• **Problem**: Every record below needs to be retyped exactly as it appears.

• **Saved entries**:
□ □ □ □ □ □ □

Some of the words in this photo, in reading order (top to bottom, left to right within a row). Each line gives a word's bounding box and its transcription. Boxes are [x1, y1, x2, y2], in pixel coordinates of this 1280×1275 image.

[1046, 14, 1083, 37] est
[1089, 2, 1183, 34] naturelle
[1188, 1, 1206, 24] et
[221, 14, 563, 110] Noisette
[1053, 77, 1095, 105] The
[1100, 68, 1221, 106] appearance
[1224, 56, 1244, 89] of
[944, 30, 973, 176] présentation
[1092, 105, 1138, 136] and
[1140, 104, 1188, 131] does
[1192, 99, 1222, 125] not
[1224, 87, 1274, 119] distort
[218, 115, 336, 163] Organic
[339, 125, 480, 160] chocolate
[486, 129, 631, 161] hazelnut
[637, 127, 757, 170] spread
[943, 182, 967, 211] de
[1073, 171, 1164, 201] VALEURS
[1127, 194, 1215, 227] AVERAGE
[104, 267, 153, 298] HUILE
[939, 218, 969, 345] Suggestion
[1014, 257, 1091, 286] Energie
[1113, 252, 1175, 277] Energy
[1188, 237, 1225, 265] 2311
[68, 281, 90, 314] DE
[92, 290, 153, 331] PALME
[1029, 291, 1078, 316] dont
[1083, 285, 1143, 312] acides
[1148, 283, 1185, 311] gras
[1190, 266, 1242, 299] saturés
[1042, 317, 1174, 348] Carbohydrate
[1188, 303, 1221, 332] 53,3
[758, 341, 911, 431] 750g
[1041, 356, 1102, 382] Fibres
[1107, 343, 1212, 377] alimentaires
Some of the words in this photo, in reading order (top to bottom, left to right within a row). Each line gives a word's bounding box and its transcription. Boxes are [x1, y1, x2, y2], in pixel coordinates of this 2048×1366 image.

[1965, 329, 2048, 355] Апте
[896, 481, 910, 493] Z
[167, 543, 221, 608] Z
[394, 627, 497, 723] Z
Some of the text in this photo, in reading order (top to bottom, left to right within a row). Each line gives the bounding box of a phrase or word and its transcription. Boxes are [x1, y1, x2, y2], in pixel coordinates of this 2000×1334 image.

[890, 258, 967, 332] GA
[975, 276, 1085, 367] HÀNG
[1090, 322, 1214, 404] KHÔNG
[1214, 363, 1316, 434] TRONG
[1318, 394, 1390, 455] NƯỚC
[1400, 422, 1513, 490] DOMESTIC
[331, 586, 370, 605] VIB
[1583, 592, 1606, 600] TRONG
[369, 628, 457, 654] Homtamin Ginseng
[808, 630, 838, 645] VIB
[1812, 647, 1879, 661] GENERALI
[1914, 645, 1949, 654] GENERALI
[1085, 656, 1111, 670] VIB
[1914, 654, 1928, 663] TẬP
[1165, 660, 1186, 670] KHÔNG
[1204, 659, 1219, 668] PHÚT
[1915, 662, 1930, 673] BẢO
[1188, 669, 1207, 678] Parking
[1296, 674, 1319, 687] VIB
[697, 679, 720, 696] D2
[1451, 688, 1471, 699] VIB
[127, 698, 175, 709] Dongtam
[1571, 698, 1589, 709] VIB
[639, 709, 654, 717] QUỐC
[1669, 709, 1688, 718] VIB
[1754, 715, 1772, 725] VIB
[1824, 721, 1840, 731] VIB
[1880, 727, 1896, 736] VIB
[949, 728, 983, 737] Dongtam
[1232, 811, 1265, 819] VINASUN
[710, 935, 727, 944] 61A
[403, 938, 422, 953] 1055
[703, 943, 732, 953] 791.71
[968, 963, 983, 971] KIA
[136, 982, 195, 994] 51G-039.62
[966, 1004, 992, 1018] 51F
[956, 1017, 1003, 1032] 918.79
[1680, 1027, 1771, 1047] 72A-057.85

□ □ □ □ □ □ □

• **Result below**:
Some of the words in this photo, in reading order (top to bottom, left to right within a row). Each line gives a word's bounding box and its transcription. Boxes are [x1, y1, x2, y2], in pixel coordinates of this 1280×1275 image.

[1046, 14, 1083, 37] est
[1089, 2, 1183, 34] naturelle
[1188, 1, 1206, 24] et
[221, 14, 563, 110] Noisette
[1053, 77, 1095, 105] The
[1100, 68, 1221, 106] appearance
[1224, 56, 1244, 89] of
[944, 30, 973, 176] présentation
[1092, 105, 1138, 136] and
[1140, 104, 1188, 131] does
[1192, 99, 1222, 125] not
[1224, 87, 1274, 119] distort
[218, 115, 336, 163] Organic
[339, 125, 480, 160] chocolate
[486, 129, 631, 161] hazelnut
[637, 127, 757, 170] spread
[943, 182, 967, 211] de
[1073, 171, 1164, 201] VALEURS
[1127, 194, 1215, 227] AVERAGE
[104, 267, 153, 298] HUILE
[939, 218, 969, 345] Suggestion
[1014, 257, 1091, 286] Energie
[1113, 252, 1175, 277] Energy
[1188, 237, 1225, 265] 2311
[68, 281, 90, 314] DE
[92, 290, 153, 331] PALME
[1029, 291, 1078, 316] dont
[1083, 285, 1143, 312] acides
[1148, 283, 1185, 311] gras
[1190, 266, 1242, 299] saturés
[1042, 317, 1174, 348] Carbohydrate
[1188, 303, 1221, 332] 53,3
[758, 341, 911, 431] 750g
[1041, 356, 1102, 382] Fibres
[1107, 343, 1212, 377] alimentaires
Some of the words in this photo, in reading order (top to bottom, left to right within a row). Each line gives a word's bounding box and its transcription. Boxes are [x1, y1, x2, y2], in pixel coordinates of this 2048×1366 image.

[1965, 329, 2048, 355] Апте
[896, 481, 910, 493] Z
[167, 543, 221, 608] Z
[394, 627, 497, 723] Z
Some of the text in this photo, in reading order (top to bottom, left to right within a row). Each line gives the bounding box of a phrase or word and its transcription. Boxes are [x1, y1, x2, y2], in pixel coordinates of this 2000×1334 image.

[890, 258, 967, 332] GA
[975, 276, 1085, 367] HÀNG
[1090, 322, 1214, 404] KHÔNG
[1214, 363, 1316, 434] TRONG
[1318, 394, 1390, 455] NƯỚC
[1400, 422, 1513, 490] DOMESTIC
[331, 586, 370, 605] VIB
[1583, 592, 1606, 600] TRONG
[369, 628, 457, 654] Homtamin Ginseng
[808, 630, 838, 645] VIB
[1812, 647, 1879, 661] GENERALI
[1914, 645, 1949, 654] GENERALI
[1085, 656, 1111, 670] VIB
[1914, 654, 1928, 663] TẬP
[1165, 660, 1186, 670] KHÔNG
[1204, 659, 1219, 668] PHÚT
[1915, 662, 1930, 673] BẢO
[1188, 669, 1207, 678] Parking
[1296, 674, 1319, 687] VIB
[697, 679, 720, 696] D2
[1451, 688, 1471, 699] VIB
[127, 698, 175, 709] Dongtam
[1571, 698, 1589, 709] VIB
[639, 709, 654, 717] QUỐC
[1669, 709, 1688, 718] VIB
[1754, 715, 1772, 725] VIB
[1824, 721, 1840, 731] VIB
[1880, 727, 1896, 736] VIB
[949, 728, 983, 737] Dongtam
[1232, 811, 1265, 819] VINASUN
[710, 935, 727, 944] 61A
[403, 938, 422, 953] 1055
[703, 943, 732, 953] 791.71
[968, 963, 983, 971] KIA
[136, 982, 195, 994] 51G-039.62
[966, 1004, 992, 1018] 51F
[956, 1017, 1003, 1032] 918.79
[1680, 1027, 1771, 1047] 72A-057.85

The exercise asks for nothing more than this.